Print everything in the records exactly. Leave the pictures out.

== == ==

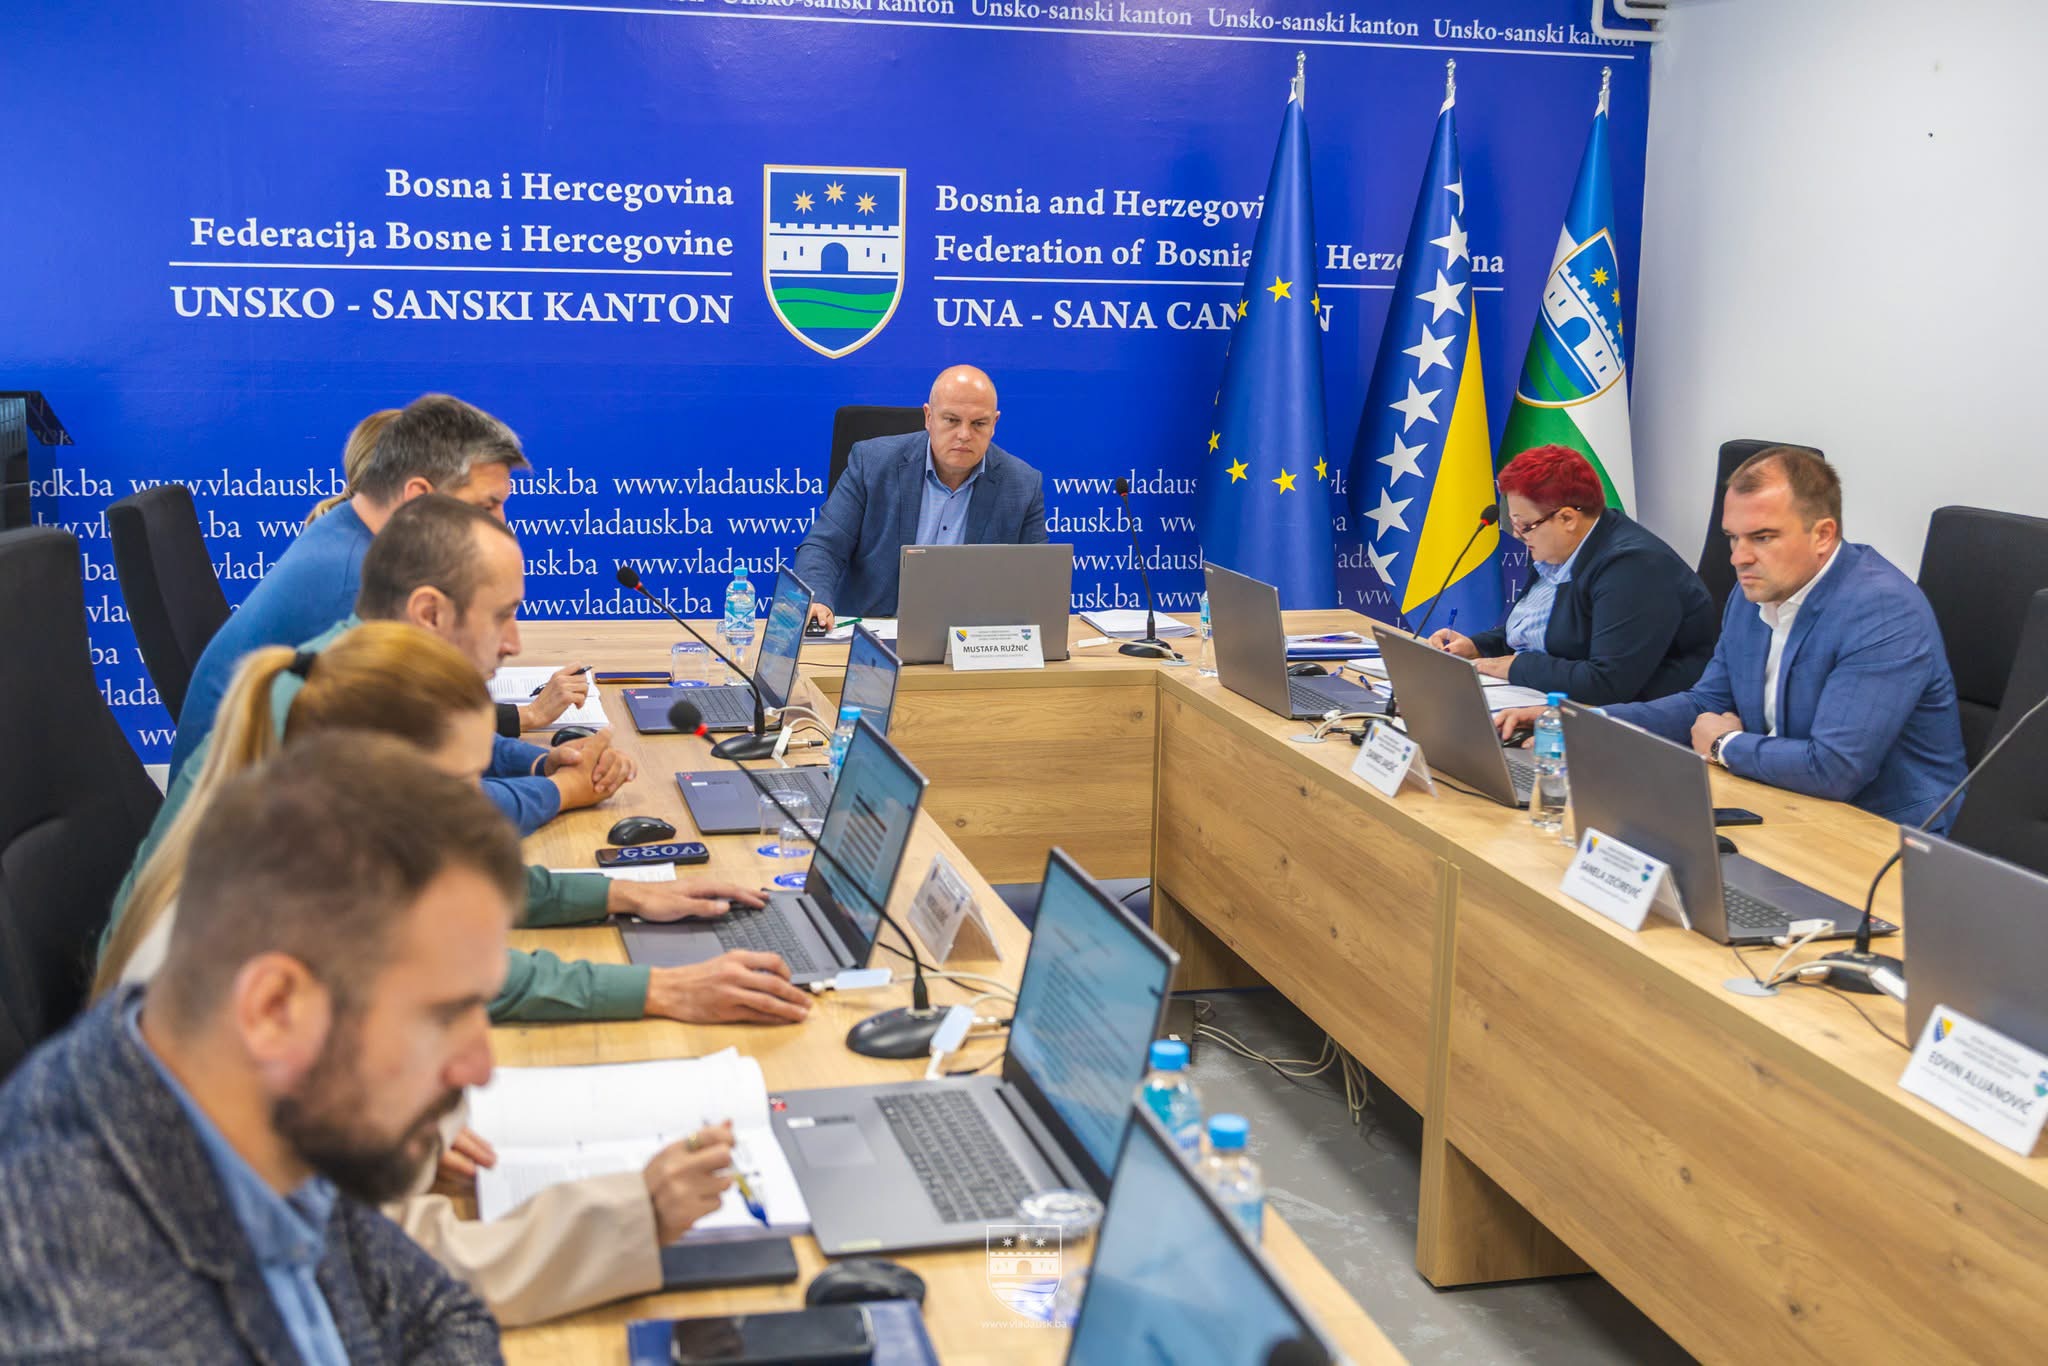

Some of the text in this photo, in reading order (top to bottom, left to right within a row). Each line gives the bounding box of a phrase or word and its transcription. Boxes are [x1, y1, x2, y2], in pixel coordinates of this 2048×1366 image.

[972, 0, 1113, 22] Unsko-sanski
[1119, 2, 1192, 26] kanton
[1208, 8, 1344, 32] Unsko-sanski
[1350, 13, 1418, 36] kanton
[1434, 19, 1563, 43] Unsko-sanski
[386, 169, 734, 211] Bosna i Hercegovina
[936, 186, 1264, 227] Bosnia and Herzegovi
[191, 218, 733, 263] Federacija Bosne i Hercegovine
[935, 235, 1103, 262] Federation
[1112, 238, 1144, 264] of
[1156, 241, 1252, 267] Bosnia
[170, 287, 335, 318] UNSKO
[373, 288, 533, 321] SANSKI
[544, 291, 733, 324] KANTON
[934, 298, 1024, 327] UNA
[1053, 299, 1157, 328] SANA
[1166, 301, 1334, 332] CANN
[129, 468, 347, 496] ww.vladausk.b
[612, 468, 824, 494] www.vladausk.ba
[506, 508, 713, 535] www.vladausk.ba
[1045, 507, 1143, 533] dausk.ba
[612, 547, 793, 574] www.vladausk.
[514, 588, 712, 615] ww.vladausk.ba
[963, 645, 999, 653] MUSTAFA
[1928, 1051, 1963, 1077] EDVIN

== == ==

## Reply
Some of the text in this photo, in reading order (top to bottom, left to right within a row). Each line gives the bounding box of a phrase or word and its transcription. Boxes are [x1, y1, x2, y2], in pixel coordinates of this 2048×1366 image.

[972, 0, 1113, 22] Unsko-sanski
[1119, 2, 1192, 26] kanton
[1208, 8, 1344, 32] Unsko-sanski
[1350, 13, 1418, 36] kanton
[1434, 19, 1563, 43] Unsko-sanski
[386, 169, 734, 211] Bosna i Hercegovina
[936, 186, 1264, 227] Bosnia and Herzegovi
[191, 218, 733, 263] Federacija Bosne i Hercegovine
[935, 235, 1103, 262] Federation
[1112, 238, 1144, 264] of
[1156, 241, 1252, 267] Bosnia
[170, 287, 335, 318] UNSKO
[373, 288, 533, 321] SANSKI
[544, 291, 733, 324] KANTON
[934, 298, 1024, 327] UNA
[1053, 299, 1157, 328] SANA
[1166, 301, 1334, 332] CANN
[129, 468, 347, 496] ww.vladausk.b
[612, 468, 824, 494] www.vladausk.ba
[506, 508, 713, 535] www.vladausk.ba
[1045, 507, 1143, 533] dausk.ba
[612, 547, 793, 574] www.vladausk.
[514, 588, 712, 615] ww.vladausk.ba
[963, 645, 999, 653] MUSTAFA
[1928, 1051, 1963, 1077] EDVIN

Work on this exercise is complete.